(Bloomberg) — Hedge fund veteran Anne Dias is planning to manage outside money again.
Dias, 50, began fundraising last month for a long-short strategy to be managed by her Aragon Global Management. The New York-based firm, with roots dating back two decades, has been operating as a family office for her personal wealth in recent years.
Aragon, which invests in internet, technology and consumer stocks, also seeks companies with “improving long-term business prospects at attractive valuations,” the firm said in a May regulatory filing. It tries to identify mega-trends that will result in “disruptive innovation” over three to five years, creating value for some companies and destroying it for others. It will buy shares of the former and sell short the latter.
Chris Chung, Aragon’s chief financial officer, declined to comment and said Dias wasn’t available.

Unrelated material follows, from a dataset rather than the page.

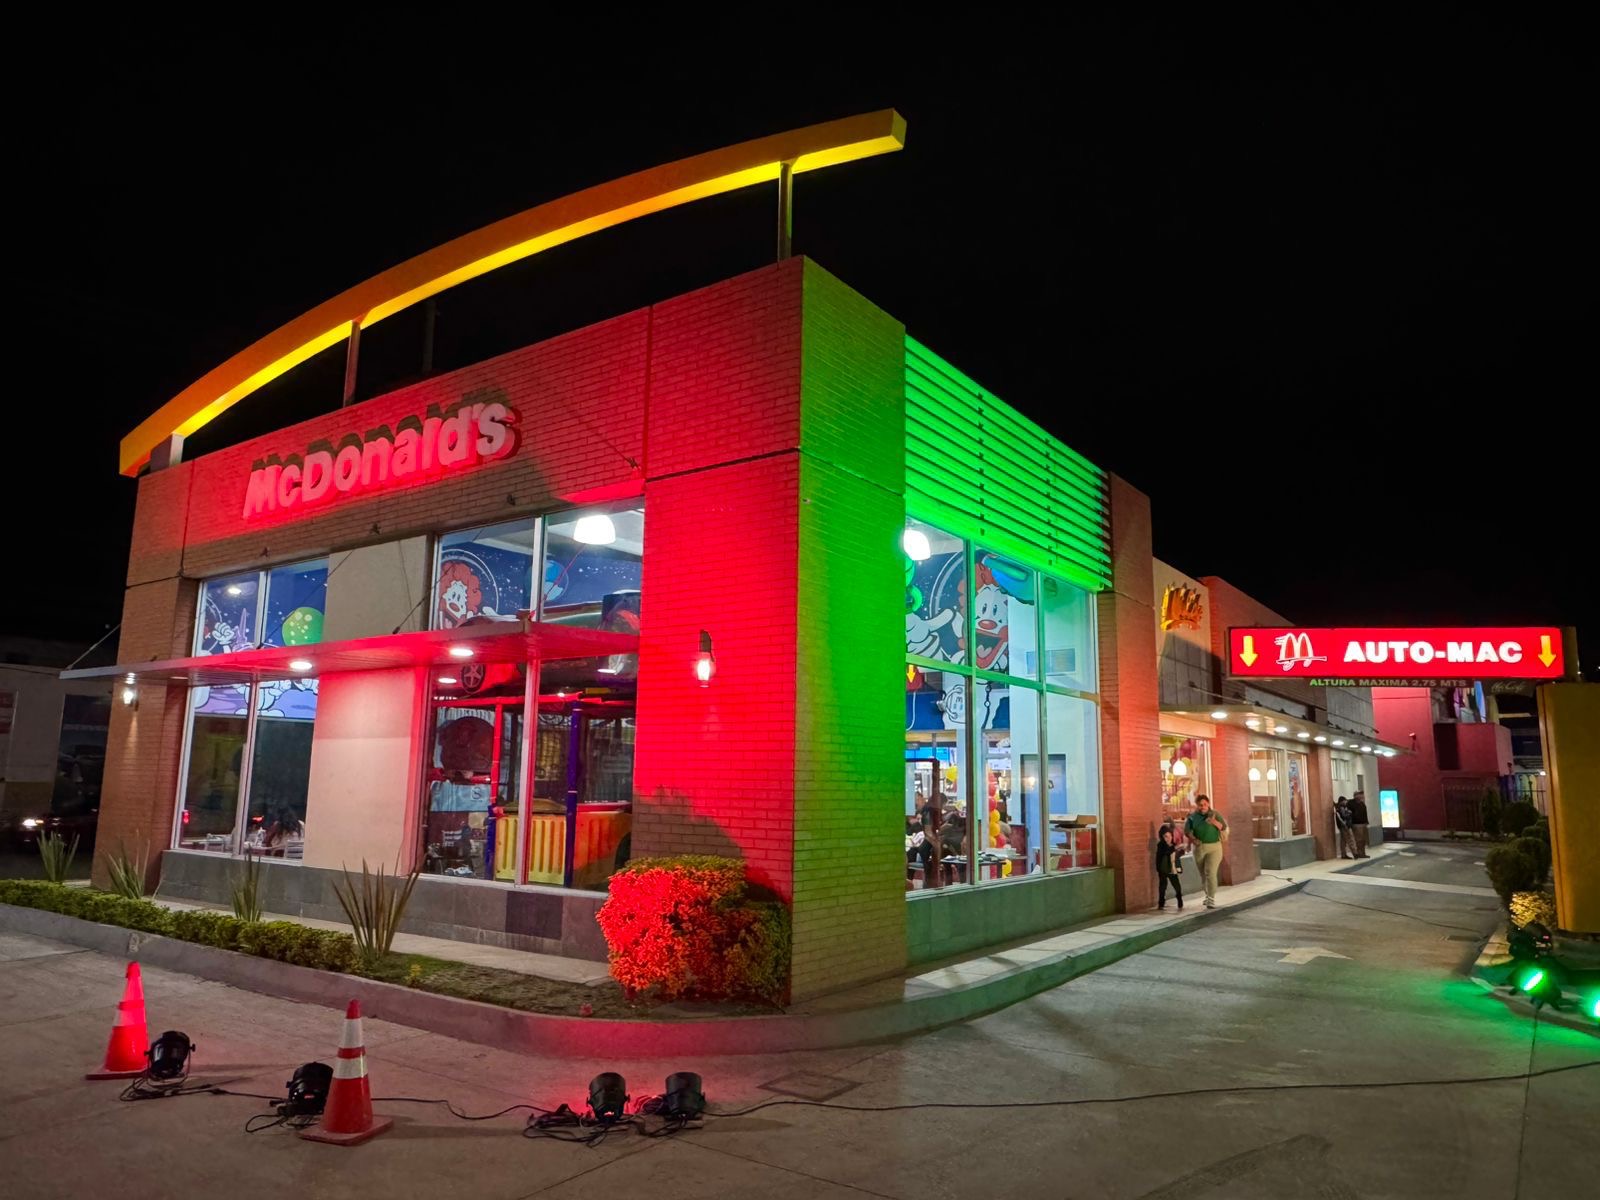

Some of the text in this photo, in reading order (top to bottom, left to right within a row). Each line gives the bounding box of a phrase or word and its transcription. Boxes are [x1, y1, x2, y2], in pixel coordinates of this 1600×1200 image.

Dias’s career has taken several turns since she started out at as a financial analyst at Goldman Sachs Group Inc. She subsequently worked as a portfolio manager for industry heavyweights including George Soros and Andreas Halvorsen before starting her own firm in 2001 with seeding from another billionaire, Julian Robertson.
Just two years later, Dias, a native of France, was married to Citadel founder Ken Griffin. She decided to return Aragon’s client money about a decade ago.

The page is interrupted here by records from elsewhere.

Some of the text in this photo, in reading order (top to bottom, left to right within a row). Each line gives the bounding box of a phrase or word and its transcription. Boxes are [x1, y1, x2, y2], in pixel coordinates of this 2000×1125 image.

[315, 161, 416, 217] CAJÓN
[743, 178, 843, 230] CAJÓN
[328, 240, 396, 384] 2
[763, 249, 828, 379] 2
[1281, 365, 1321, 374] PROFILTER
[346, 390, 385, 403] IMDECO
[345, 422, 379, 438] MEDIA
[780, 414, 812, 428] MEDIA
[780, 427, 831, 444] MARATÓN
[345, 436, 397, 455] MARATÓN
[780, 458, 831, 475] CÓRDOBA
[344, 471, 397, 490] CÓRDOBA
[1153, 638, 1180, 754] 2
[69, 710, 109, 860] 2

Griffin filed for divorce in 2014 and the couple reached a settlement a year later. Dias continued her philanthropic pursuits and began teaching a course at Georgetown University, her alma mater, on how to manage a hedge fund.
Dias has been running her current long-short strategy, using her own capital since 2017, according to a person familiar with the firm. By 2019, she had reportedly begun considering raising outside money.

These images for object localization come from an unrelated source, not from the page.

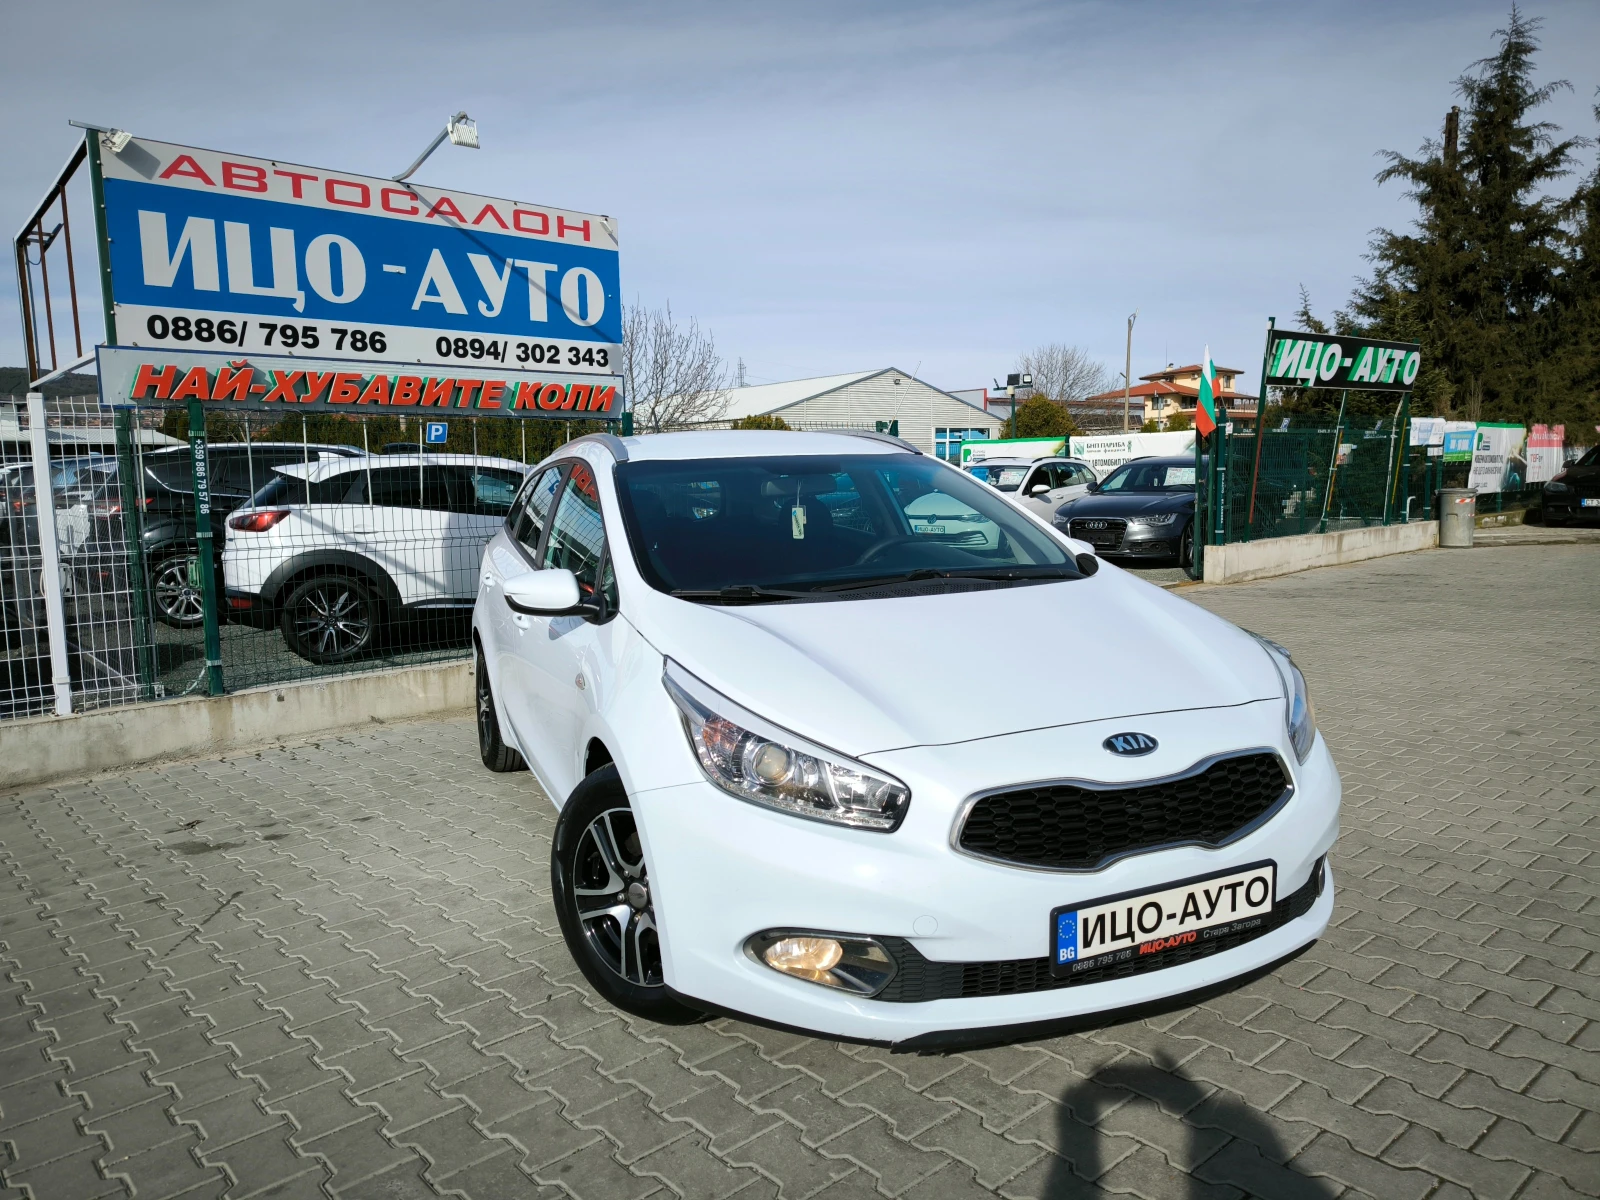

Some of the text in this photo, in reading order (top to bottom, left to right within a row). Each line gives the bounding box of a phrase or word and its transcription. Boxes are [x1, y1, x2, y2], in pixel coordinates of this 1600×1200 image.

[158, 154, 591, 242] АВТОСАЛОН
[147, 314, 387, 353] 0886/ 795 786
[436, 336, 609, 368] 0894/ 302 343
[130, 359, 616, 412] НАЙ-ХУБАВИТЕ КОЛИ
[1272, 338, 1421, 387] ИЦО-АУТО
[194, 438, 210, 514] +359 886 79 57 86
[1109, 732, 1154, 752] KIA
[1082, 875, 1269, 950] ИЦО-АУТО
[1059, 946, 1075, 962] BG
[1072, 917, 1262, 972] 0886 795 786 ИЦО-АУТО Стара Загора

Nevertheless, it wasn’t until May that Aragon filed with the U.S. Securities and Exchange Commission to become a registered money manager, a status that permits the firm to accept outside capital. The registration took effect in June, when Aragon Partners, the onshore version of the long-short fund, also began raising money.
The firm reported about $120 million of gross assets under management, including Dias’s own money, as of late May. In addition to Aragon Partners, the firm runs several funds that invest with third party managers. Those fund-of-funds are closed to new investors.